“Un disegno di legge come quello in esame oggi, atteso da tempo, avrebbe necessitato per la sua complessità e rilevanza di un lavoro più approfondito e di tempi di esame del Parlamento più adeguati. Invece, anche in questo caso il lavoro delle opposizioni è reso superfluo ed è netta la sensazione di voler svilire se non annichilire la democrazia”. Lo ha detto la senatrice di Forza Italia Roberta Toffanin, relatrice di minoranza del ddl cosiddetto ‘Concretezza’, all’esame del Senato.
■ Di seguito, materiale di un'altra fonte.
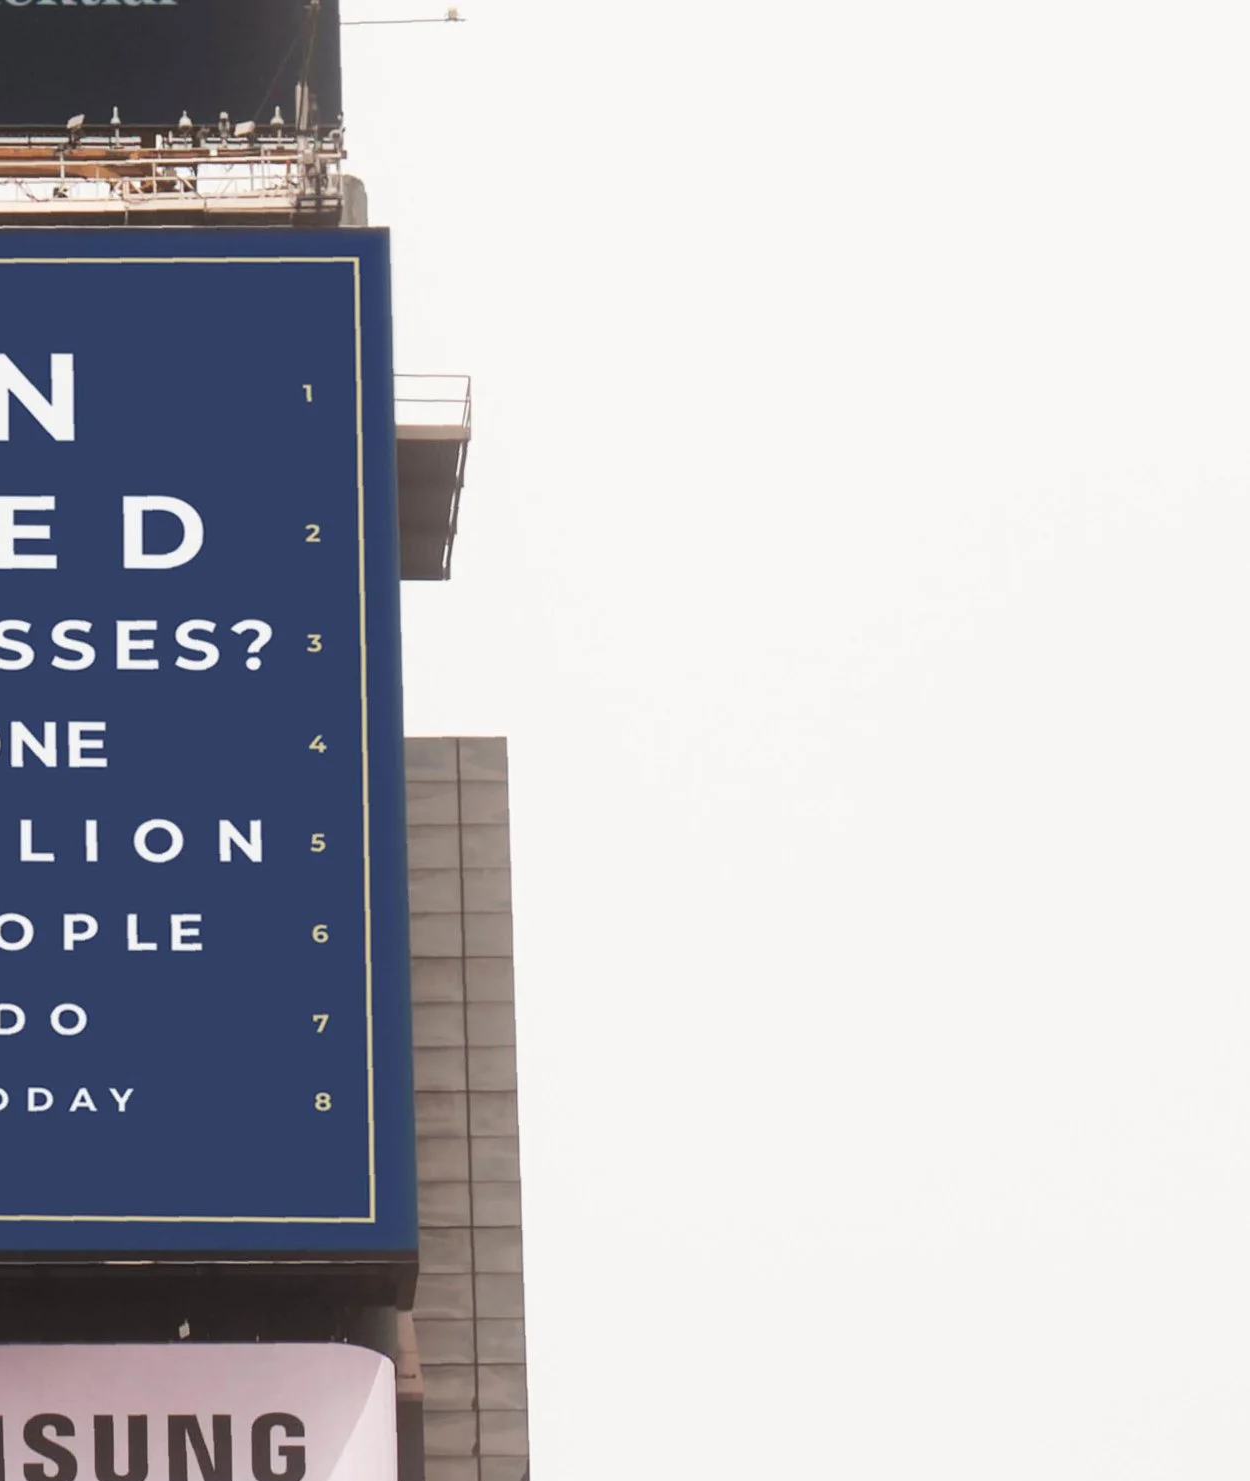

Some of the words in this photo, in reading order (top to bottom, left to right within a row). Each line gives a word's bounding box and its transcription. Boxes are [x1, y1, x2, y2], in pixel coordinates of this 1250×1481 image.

“Crediamo sia quantomeno velleitario – ha aggiunto – poter sviscerare in modo efficace il disegno di legge dedicato alla Pubblica Amministrazione in una settimana, eppure le tematiche trattate vanno dallo sblocco del turnover delle assunzioni, all’obbligo di implementazione di strumenti di videosorveglianza e di biometria, fino allo sblocco dei salari accessori. Ed ancora, il rimborso di buoni pasto ai dipendenti pubblici ma anche, non ultimo, la costituzione di un Nucleo di controllo per la Pubblica amministrazione.

Si tratta, come appare evidente, di un insieme eterogeneo di disposizioni, manca una visione organica che sarebbe stata doverosa visto che si delinea come primo tassello di una più ampia riforma della Pa. Si annuncia un numero importante di assunzioni senza prima definire la riorganizzazione del lavoro e la sburocratizzazione”. “Sembra – ha concluso Toffanin – che la filosofia portante del ddl governativo vada al contrario della normalità: si parte dal tetto della costruzione per poi arrivare forse alle fondamenta”.